Bladen zijn breed ovaal en duidelijk parallel generfd.

Amaryllidaceae, Amaryllisfamilie, Amaryllis klasse.

Nauw verwant aan Eucharis is Caliphruria. Dit laatste geslacht omvat slechts vier soorten, Caliphruria hartwegiana, Caliphruria subedentata, Caliphruria tenera en Caliphruria korsakoffii. Alleen de laatstgenoemde komt op kleine schaal voor in cultuur. Het verspreidingsgebied van Caliphruria is beperkt tot het westelijk deel van Colombia en Peru. Ze vormen ook leerachtige, glimmende bladeren die aan een bladsteel staan. Ook groenblijvend en warmte minnend. De planten groeien in de regenwouden. Caliphruria korsakoffii vormt een bijna ronde bol die een diameter van drie centimeter kan bereiken met aan de buitenkant enkele verdroogde, bruin gekleurde rokken. Uit de bol groeien twee tot vier ovaal-lancetvormige bladeren. De 10 tot 12 bloemen lijken op die van Eucharis x grandiflora, maar dan de kleine, niet-geurende uitvoering. Ze kunnen een diameter bereiken van circa twee tot drie centimeter. De bloemen blijven meerdere dagen open. De bloeitijd is mei-juni. De bloemen zijn zelf fertiel. De zaden zijn donkerbruin van kleur. Ze worden direct gezaaid nadat de zaaddoos is opengesprongen.

=Eucharis amazonica, Lind. ex Planchon. (uit de Amazone) (synoniem Eucharis grandiflora (grote bloemen)

Heeft 2- 4 wat golvende bladeren.

De tot 60cm. lange en onbebladerde bloeistengel draagt 3-6 witte, aangenaam geurende, narcis/sterachtige, hangende bloemen van 10cm in doorsnede die na elkaar uitkomen waardoor de bloeitijd vrij lang is. De 6 brede slippen van het bloemdek staan vlak uitgespreid; de korte bloemdekbuis draagt aan de rand een bijkroon die in het midden van de bloem een lichtgroen kommetje vormt. De 6 meeldraden ontspringen aan de rand van deze bijkroon.
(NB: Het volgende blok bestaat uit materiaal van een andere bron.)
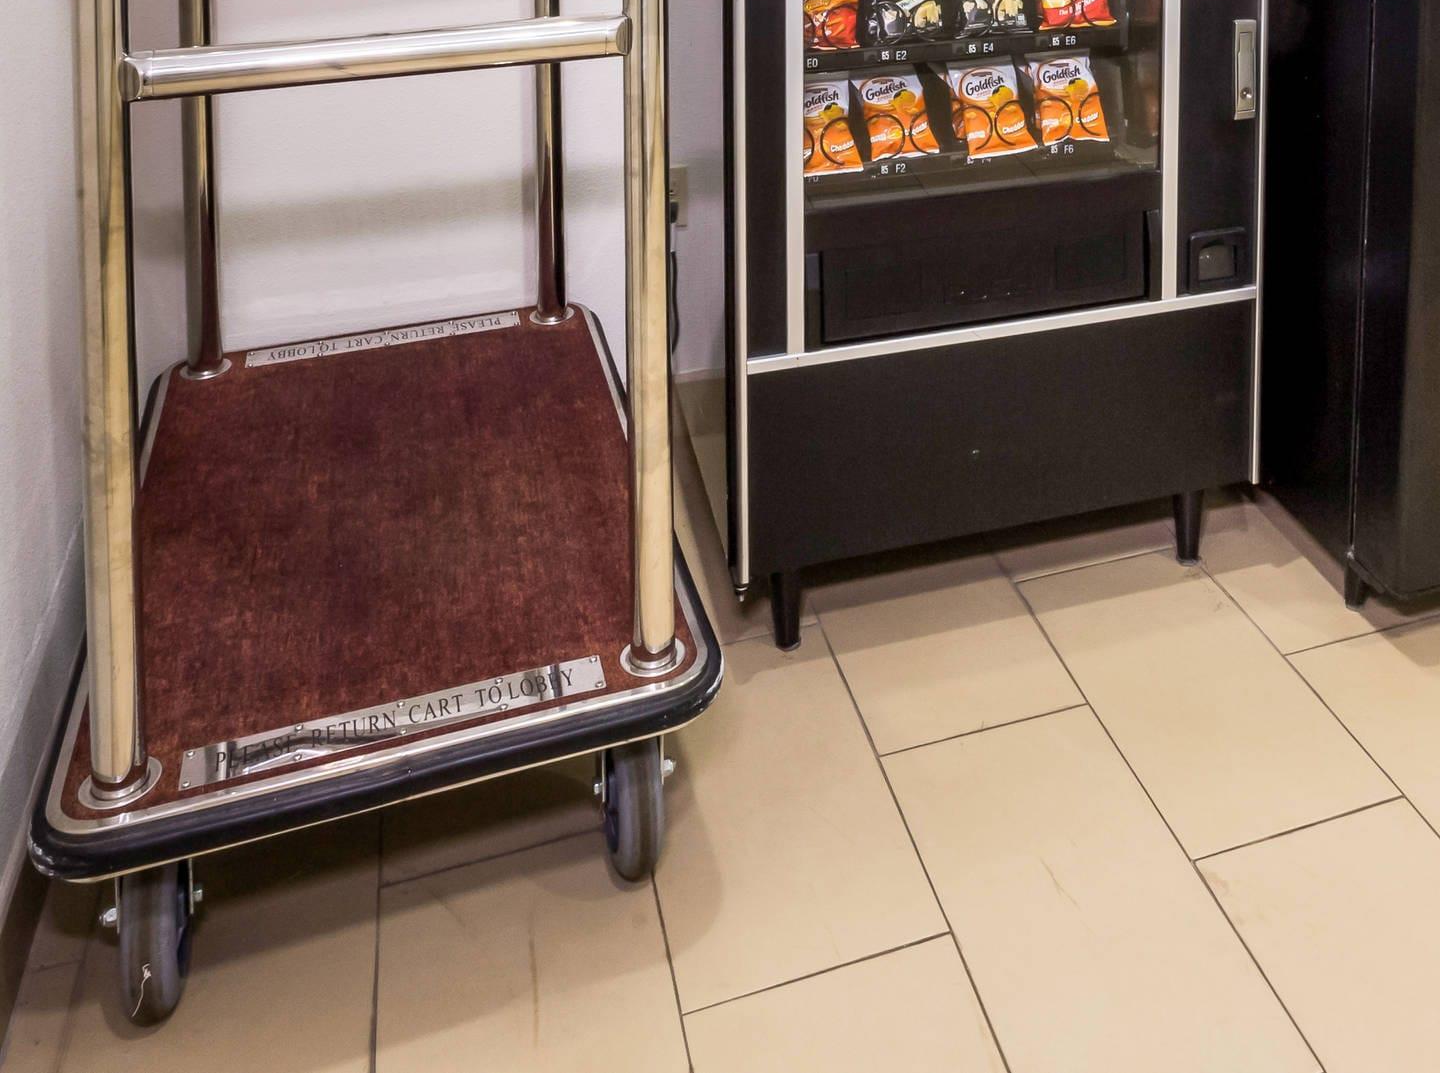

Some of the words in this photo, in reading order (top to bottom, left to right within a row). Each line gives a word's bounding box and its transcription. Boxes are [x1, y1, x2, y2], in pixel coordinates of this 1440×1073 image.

Is afkomstig uit Colombia, Peru, het Amazonegebied.

Deze plant kwam in 1854 in Belgi in cultuur.

Vormen.

Moorei,’ heeft smallere, rondere en dikkere bladeren met kleinere bloemen, de cup hiervan is geel gerand. Het blad heeft een tot een paar decimeter lange, platte of iets gootvormige steel. De 2-4 bladeren per stengel worden 30cm of meer lang en 10-12cm breed.

Naam, etymologie.

Eucharis, is een woord uit het Grieks, eu: goed, en charis: attractief, wat een verwijzing is naar de schoonheid van de bloemen. Eucharis is ook de 181ste planetode die in 1878 ontdekt is.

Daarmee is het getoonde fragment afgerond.